▶ ACTIVITY: Everything in the listing below should be written out again exactly, except the pictures.

▶ GIVEN DATA:
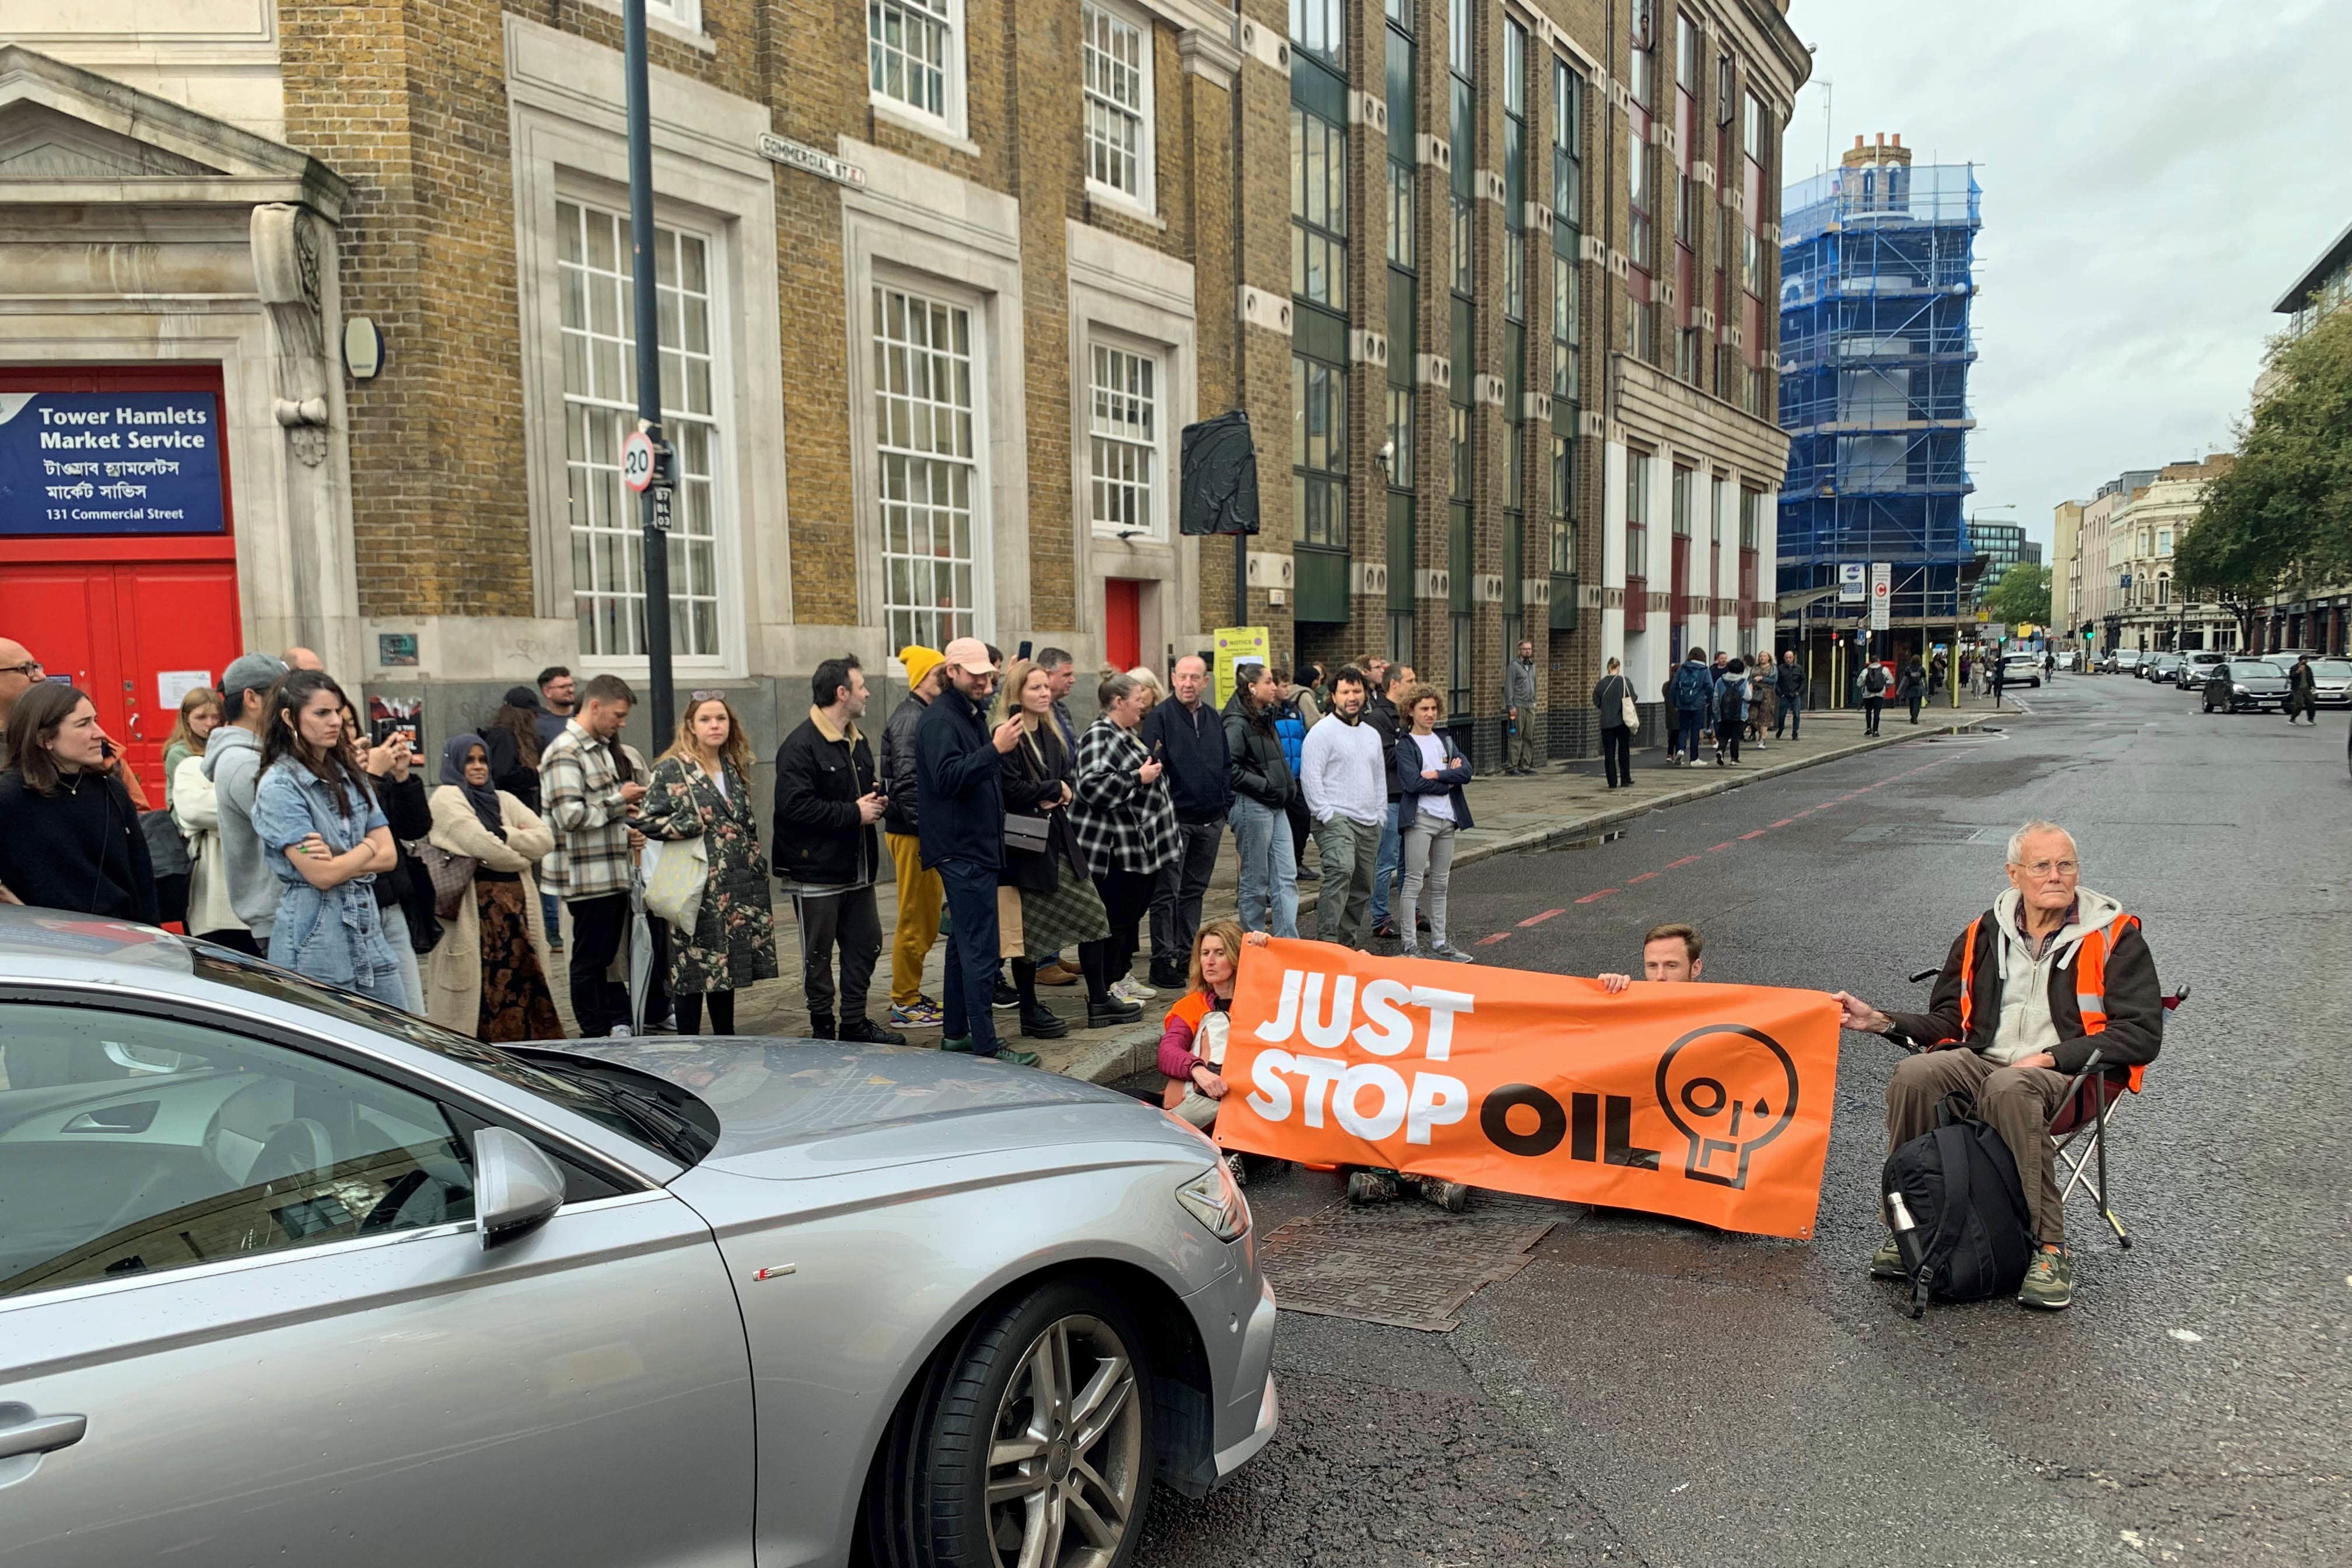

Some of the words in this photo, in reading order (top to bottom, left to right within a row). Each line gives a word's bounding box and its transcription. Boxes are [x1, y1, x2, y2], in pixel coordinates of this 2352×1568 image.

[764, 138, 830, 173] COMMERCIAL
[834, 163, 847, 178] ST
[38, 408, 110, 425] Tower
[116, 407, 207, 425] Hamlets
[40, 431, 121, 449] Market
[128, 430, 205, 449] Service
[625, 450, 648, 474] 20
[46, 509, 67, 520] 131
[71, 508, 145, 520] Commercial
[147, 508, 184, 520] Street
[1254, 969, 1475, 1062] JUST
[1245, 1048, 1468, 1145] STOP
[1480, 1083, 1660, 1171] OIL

▶ OUTPUT FOR THIS TASK:
Some of the words in this photo, in reading order (top to bottom, left to right within a row). Each line gives a word's bounding box and its transcription. Boxes are [x1, y1, x2, y2], in pixel coordinates of this 2352×1568 image.

[764, 138, 830, 173] COMMERCIAL
[834, 163, 847, 178] ST
[38, 408, 110, 425] Tower
[116, 407, 207, 425] Hamlets
[40, 431, 121, 449] Market
[128, 430, 205, 449] Service
[625, 450, 648, 474] 20
[46, 509, 67, 520] 131
[71, 508, 145, 520] Commercial
[147, 508, 184, 520] Street
[1254, 969, 1475, 1062] JUST
[1245, 1048, 1468, 1145] STOP
[1480, 1083, 1660, 1171] OIL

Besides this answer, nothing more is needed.